▶ **Work instruction**: The line containing "this 1500×1125 image." and every line after it through the end of the records: return those exactly, and nothing more.

[Dataset entries]
*** Block opens ***
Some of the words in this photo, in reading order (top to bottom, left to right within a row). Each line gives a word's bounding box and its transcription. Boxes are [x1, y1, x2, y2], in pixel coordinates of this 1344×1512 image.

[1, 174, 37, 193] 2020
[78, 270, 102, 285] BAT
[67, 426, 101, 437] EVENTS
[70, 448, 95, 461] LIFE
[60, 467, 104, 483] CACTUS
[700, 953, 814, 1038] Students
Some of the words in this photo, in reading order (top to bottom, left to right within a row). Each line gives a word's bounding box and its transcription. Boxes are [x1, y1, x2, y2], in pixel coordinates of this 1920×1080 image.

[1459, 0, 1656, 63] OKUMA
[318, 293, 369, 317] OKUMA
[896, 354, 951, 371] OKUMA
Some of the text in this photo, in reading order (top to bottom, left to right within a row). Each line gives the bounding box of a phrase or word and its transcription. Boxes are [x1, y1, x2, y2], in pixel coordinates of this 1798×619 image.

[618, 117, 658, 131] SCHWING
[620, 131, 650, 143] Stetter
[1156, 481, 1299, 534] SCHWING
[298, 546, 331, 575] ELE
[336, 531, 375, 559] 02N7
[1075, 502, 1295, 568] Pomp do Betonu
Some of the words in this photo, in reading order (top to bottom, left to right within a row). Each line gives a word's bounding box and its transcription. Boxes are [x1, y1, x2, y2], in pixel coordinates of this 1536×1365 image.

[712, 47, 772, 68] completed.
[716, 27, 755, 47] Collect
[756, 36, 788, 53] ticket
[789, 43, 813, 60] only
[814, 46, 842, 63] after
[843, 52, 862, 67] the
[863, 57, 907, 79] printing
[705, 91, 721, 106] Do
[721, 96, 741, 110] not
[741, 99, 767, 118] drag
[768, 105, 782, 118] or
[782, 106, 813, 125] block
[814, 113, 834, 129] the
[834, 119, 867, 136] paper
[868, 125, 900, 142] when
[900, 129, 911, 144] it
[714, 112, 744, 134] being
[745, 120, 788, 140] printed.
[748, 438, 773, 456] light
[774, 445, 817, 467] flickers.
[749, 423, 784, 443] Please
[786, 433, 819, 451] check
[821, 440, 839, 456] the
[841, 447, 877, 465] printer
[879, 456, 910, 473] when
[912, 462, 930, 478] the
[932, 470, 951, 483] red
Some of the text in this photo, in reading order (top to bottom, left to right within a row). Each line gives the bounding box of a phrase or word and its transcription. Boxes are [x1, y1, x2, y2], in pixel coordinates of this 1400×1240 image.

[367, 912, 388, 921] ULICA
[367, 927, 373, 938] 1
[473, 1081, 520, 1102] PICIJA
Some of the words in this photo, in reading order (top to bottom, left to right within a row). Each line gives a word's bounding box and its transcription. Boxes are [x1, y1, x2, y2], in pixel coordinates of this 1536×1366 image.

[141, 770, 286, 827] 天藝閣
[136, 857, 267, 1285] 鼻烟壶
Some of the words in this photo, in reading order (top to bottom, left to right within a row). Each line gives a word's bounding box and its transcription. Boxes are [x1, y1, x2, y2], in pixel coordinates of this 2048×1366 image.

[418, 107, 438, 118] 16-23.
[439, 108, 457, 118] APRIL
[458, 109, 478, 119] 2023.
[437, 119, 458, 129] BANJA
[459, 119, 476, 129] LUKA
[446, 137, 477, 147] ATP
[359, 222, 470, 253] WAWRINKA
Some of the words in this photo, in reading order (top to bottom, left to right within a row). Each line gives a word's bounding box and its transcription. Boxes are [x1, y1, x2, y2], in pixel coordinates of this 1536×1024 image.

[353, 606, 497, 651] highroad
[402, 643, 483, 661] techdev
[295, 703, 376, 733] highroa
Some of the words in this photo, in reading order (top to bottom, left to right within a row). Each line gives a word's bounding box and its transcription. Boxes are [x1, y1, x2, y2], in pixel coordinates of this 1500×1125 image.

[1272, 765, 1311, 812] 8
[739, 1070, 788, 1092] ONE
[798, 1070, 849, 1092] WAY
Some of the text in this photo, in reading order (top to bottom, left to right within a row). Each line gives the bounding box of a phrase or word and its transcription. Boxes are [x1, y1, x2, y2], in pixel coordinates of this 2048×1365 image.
*** Block closes ***
▶ **Answer for the task**:
Some of the words in this photo, in reading order (top to bottom, left to right within a row). Each line gives a word's bounding box and its transcription. Boxes are [x1, y1, x2, y2], in pixel coordinates of this 1500×1125 image.

[1272, 765, 1311, 812] 8
[739, 1070, 788, 1092] ONE
[798, 1070, 849, 1092] WAY
Some of the text in this photo, in reading order (top to bottom, left to right within a row). Each line gives the bounding box of a phrase or word and its transcription. Boxes are [x1, y1, x2, y2], in pixel coordinates of this 2048×1365 image.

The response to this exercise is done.